**PROBLEM TO SOLVE**
Your answer must consist of the records exactly as given, with no pictures included.

**Images for object localization**
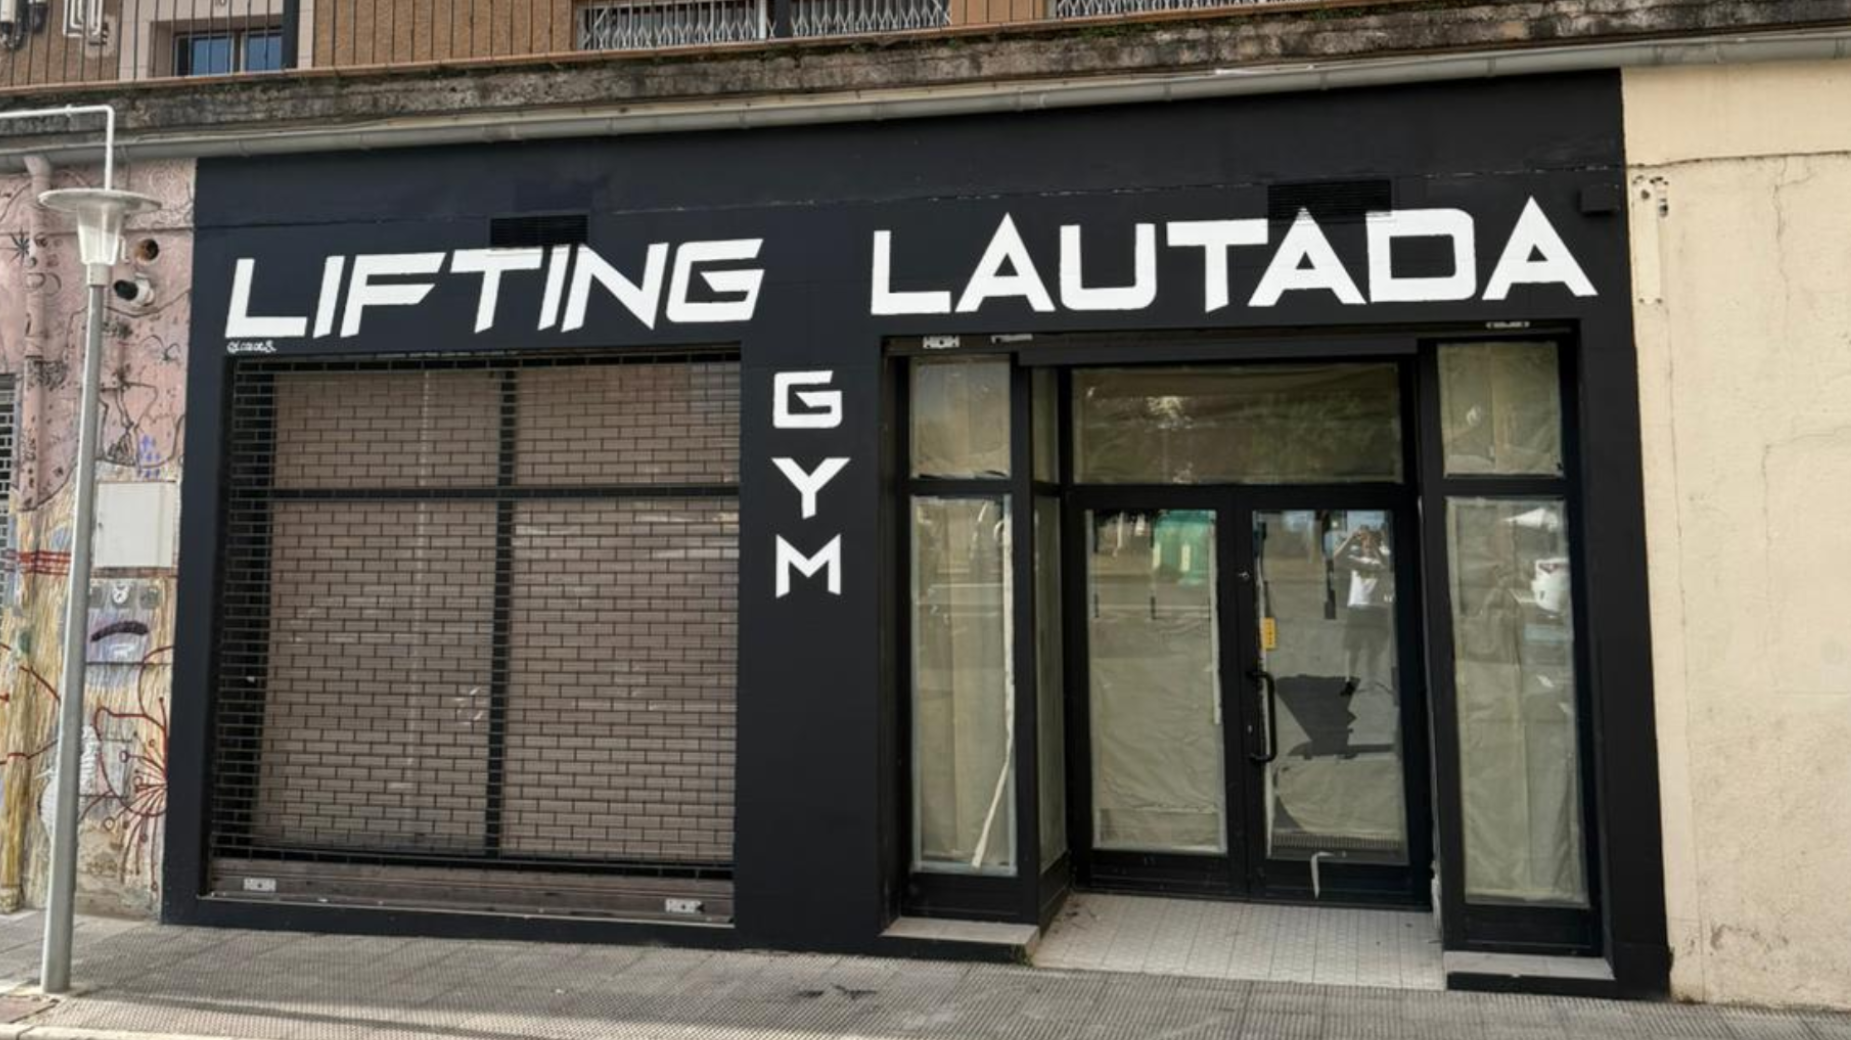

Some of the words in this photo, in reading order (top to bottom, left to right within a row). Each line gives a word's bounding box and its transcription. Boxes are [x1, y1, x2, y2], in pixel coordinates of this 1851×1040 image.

[225, 239, 764, 338] LIFTING
[871, 197, 1597, 315] LAUTADA
[772, 371, 849, 597] GYM
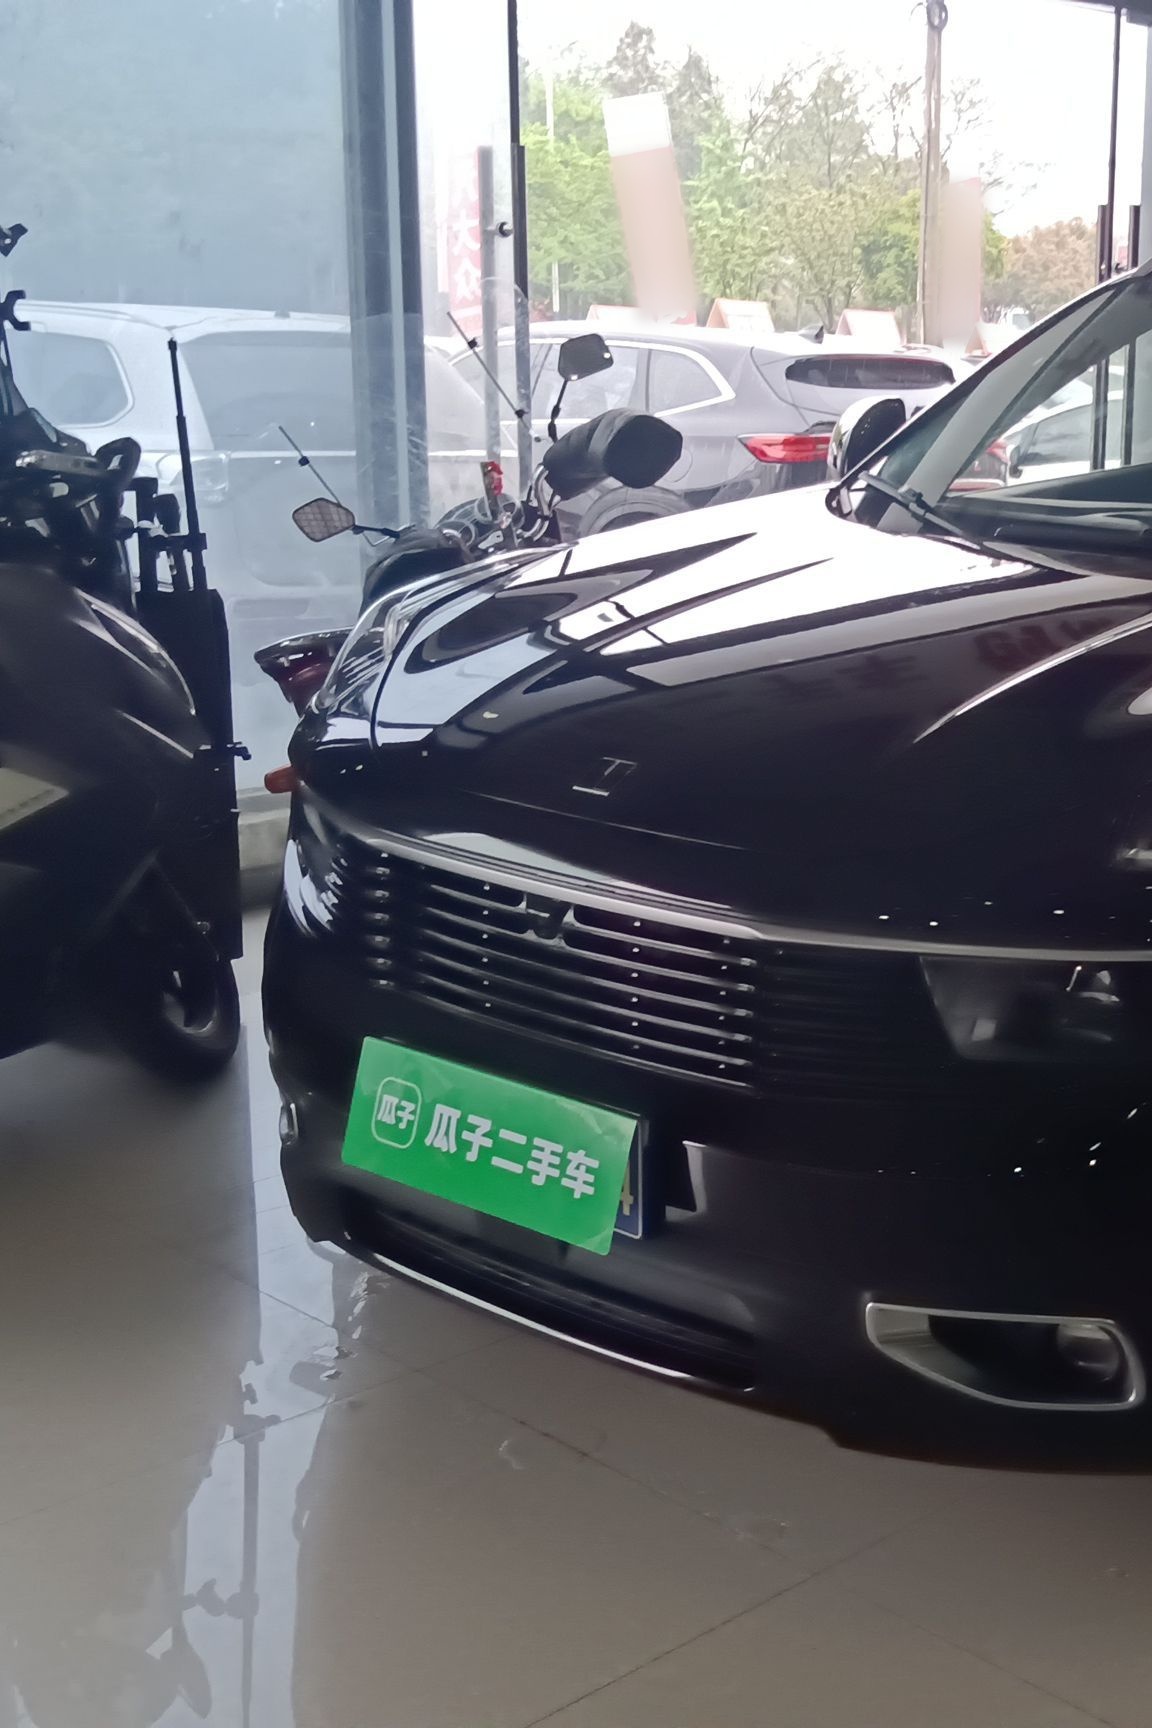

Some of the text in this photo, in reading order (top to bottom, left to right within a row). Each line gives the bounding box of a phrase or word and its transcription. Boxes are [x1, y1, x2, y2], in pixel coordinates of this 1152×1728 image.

**ANSWER BOX**
Some of the words in this photo, in reading order (top to bottom, left to right within a row). Each line gives a word's bounding box and its transcription. Boxes are [x1, y1, x2, y2], in pixel coordinates of this 1851×1040 image.

[225, 239, 764, 338] LIFTING
[871, 197, 1597, 315] LAUTADA
[772, 371, 849, 597] GYM

Some of the text in this photo, in reading order (top to bottom, left to right within a row). Each line gives the bounding box of a phrase or word and its transcription. Boxes are [x1, y1, x2, y2], in pixel coordinates of this 1152×1728 image.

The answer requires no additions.